Mr. KHAN: It is a paradox that they seek a lot of cooperation from the United States, as well as far as nuclear security is concerned. But then they have to draw a line at some point, because it tips over to a place where they cannot fully trust the U.S. in terms of the location, as well.

SHUSTER: All of this has deepened concern in the United States among Pakistan experts. A growing nuclear infrastructure, an expanding weapons stockpile and ever more dangerous domestic attacks is a lethal combination, says David Albright.

Mr. ALBRIGHT: Particularly the most recent attack is really chilling. And you have to worry that nuclear sites could be targeted, and the attackers could muster the resources to do it.

SHUSTER: Shawn Gregory is willing to go so far as to predict an attack on a nuclear weapons site in Pakistan soon.

Mr. GREGORY: I think we are looking at the possibility of a very serious breach of Pakistan's nuclear security before too long.

SHUSTER: Those concerns were only heightened recently when several high-ranking Pakistani Army officers were arrested on suspicion of ties to a local militant group that advocates the violent overthrow of Pakistan's government.

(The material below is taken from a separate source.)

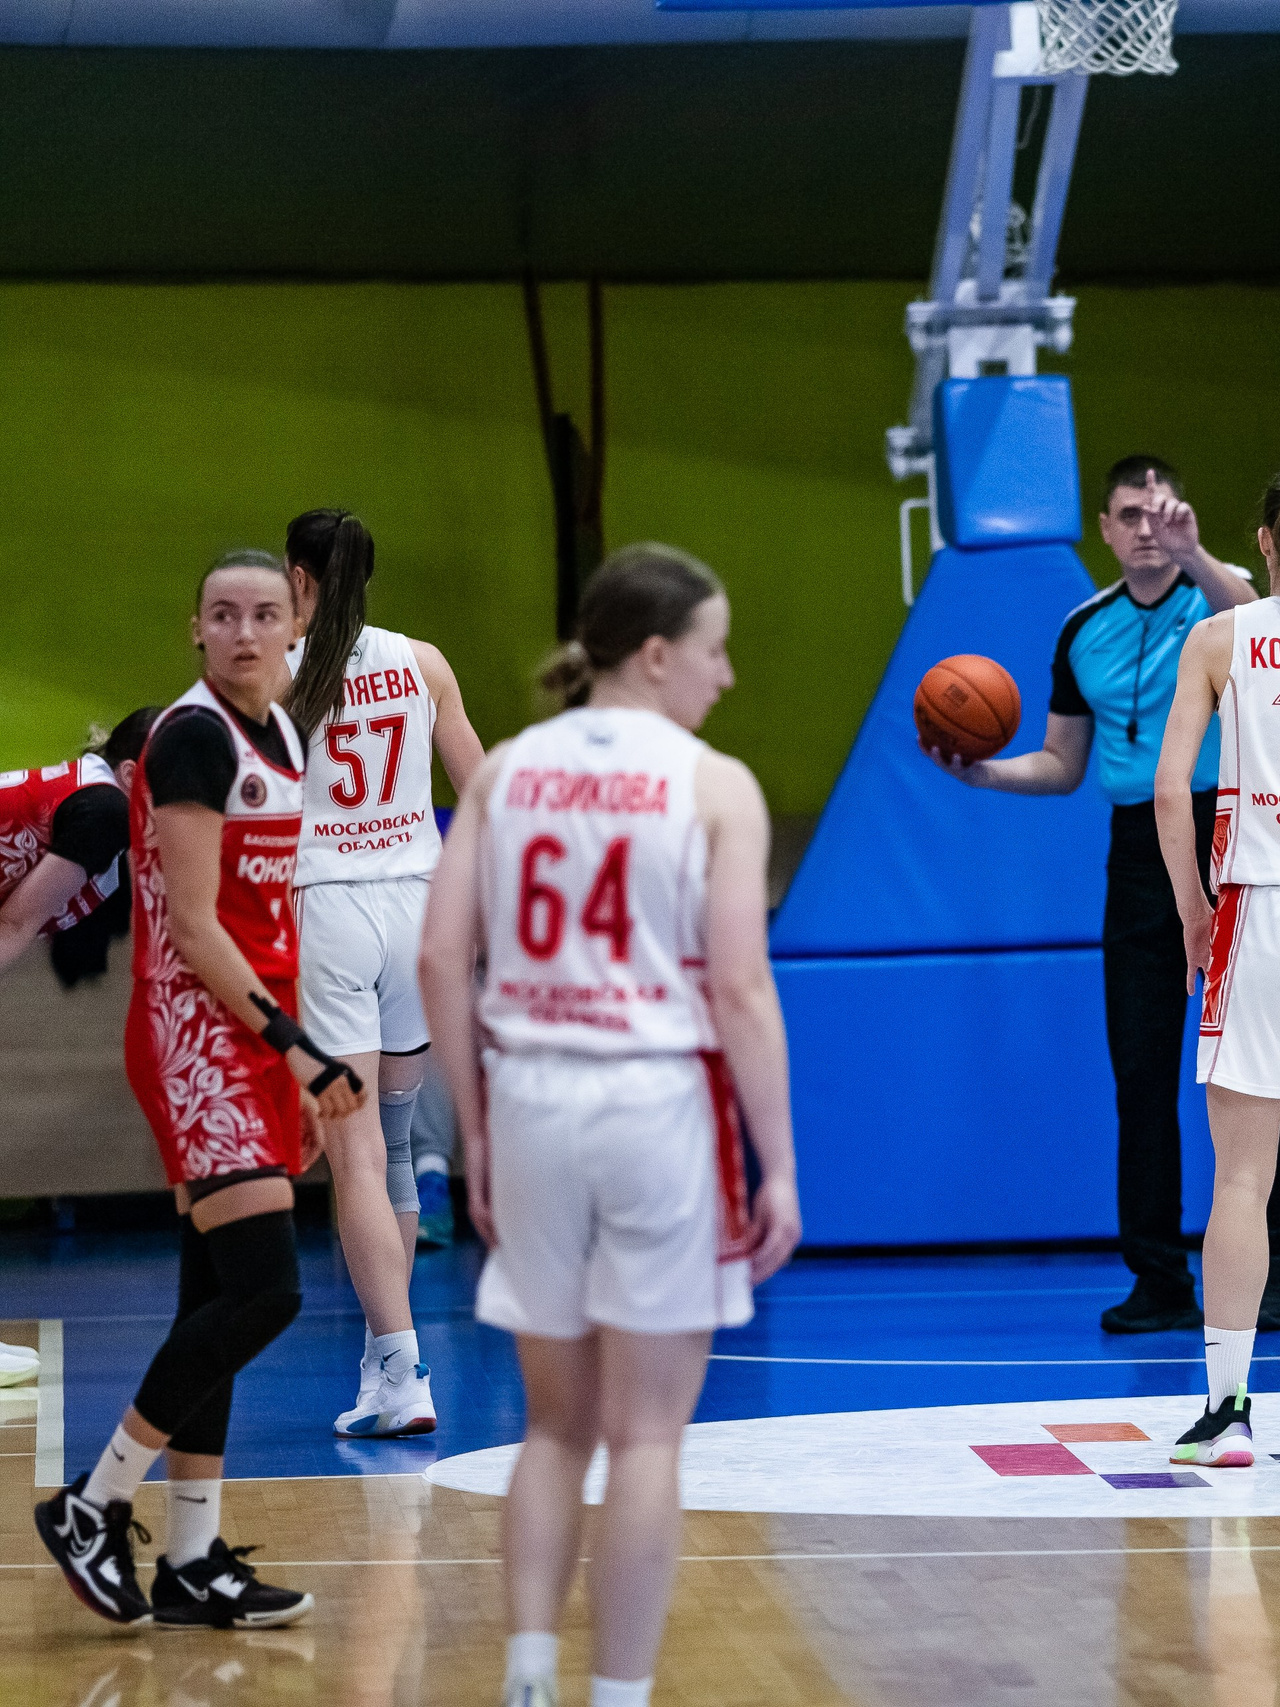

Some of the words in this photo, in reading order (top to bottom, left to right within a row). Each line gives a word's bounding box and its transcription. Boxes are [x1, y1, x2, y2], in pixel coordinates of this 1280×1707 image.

Also, late last month came news that a cell phone seized in the raid on bin Laden's compound contained the numbers of a local militant group with ties to Pakistan's Inter-Services Intelligence agency, both examples of military or intelligence officials with connections to militant groups that might want to penetrate Pakistan's growing nuclear weapons infrastructure.

Mike Shuster, NPR News.

MONTAGNE: There's more troubling news this morning about Pakistan's nuclear program. It comes from a story in the Washington Post. The father of Pakistan's nuclear program, A.Q. Khan, is saying that years ago, military officers in Pakistan were paid by North Korea to pass on sensitive nuclear technology.

To back up his claim, Khan released a letter purportedly given to him by a North Korean official in 1998. The letter suggests that the North Korean government paid more than three-and-a-half million dollars to two high-ranking Pakistani military officers. They both deny the allegations, but the story worries U.S. officials. If true, it would indicate Pakistan's military was involved in illicit nuclear proliferation.